Question

A rocket is launched from a tower. The height of the rocket, why in feet is related to the time after launch, X and seconds, by the given equation. Using this equation find out the time at which the rocket will reach its max, to the nearest 100th of a second y=-16x + 152x + 74

Answer 1

Given:

Consider the height of the rocket, in feet after x seconds of launch is

`y=-16x^2+152x+74`

To find:

The time at which the rocket will reach its max, to the nearest 100th of a second.

Solution:

We have,

`y=-16x^2+152x+74`

It is a quadratic polynomial with negative leading coefficient. So, it is a downward parabola.

Vertex of a downward parabola is the point of maxima.

To find the time at which the rocket will reach its max, we need to find the x-coordinate of the vertex.

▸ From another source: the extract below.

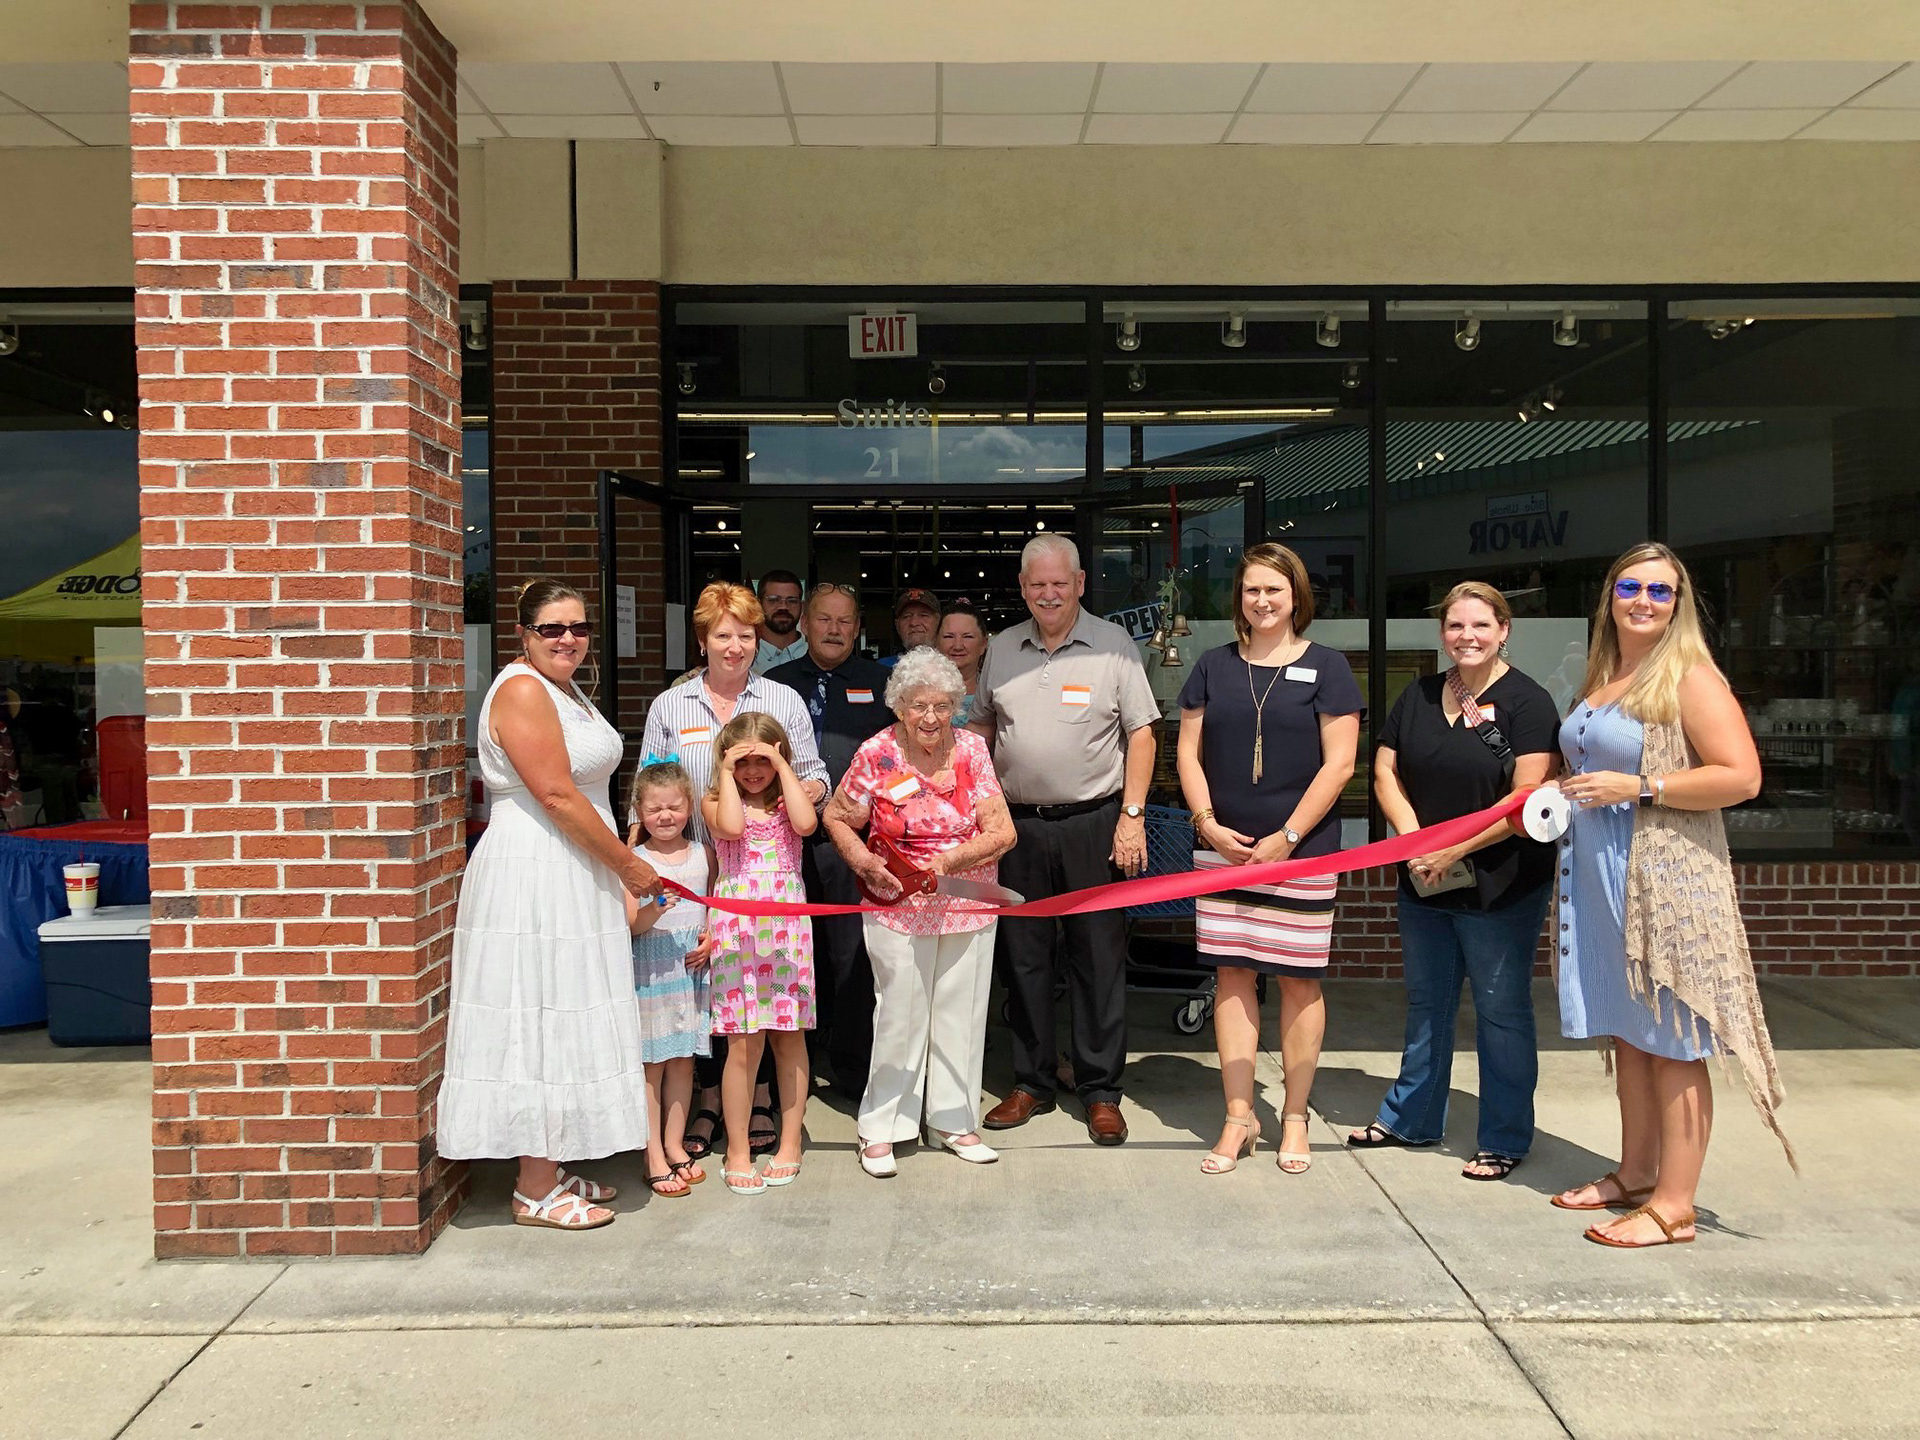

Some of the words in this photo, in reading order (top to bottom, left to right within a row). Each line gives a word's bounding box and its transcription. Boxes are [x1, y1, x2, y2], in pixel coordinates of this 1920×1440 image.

[861, 316, 907, 353] EXIT
[837, 398, 931, 430] Suite
[863, 447, 900, 478] 21

If a quadratic function is
`f(x)=ax^2+bx+c`, then the vertex is

`Vertex=\left(-(b)/(2a),f\left(-(b)/(2a)\right)\right)`

Here,
`a=-16,b=152,c=74`.

So,

`-(b)/(2a)=-(152)/(2(-16))`

`-(b)/(2a)=-(152)/(-32)`

`-(b)/(2a)=4.75`

So, x-coordinate of the vertex is 4.75.

Therefore, the rocket will reach its max at 4.75 second.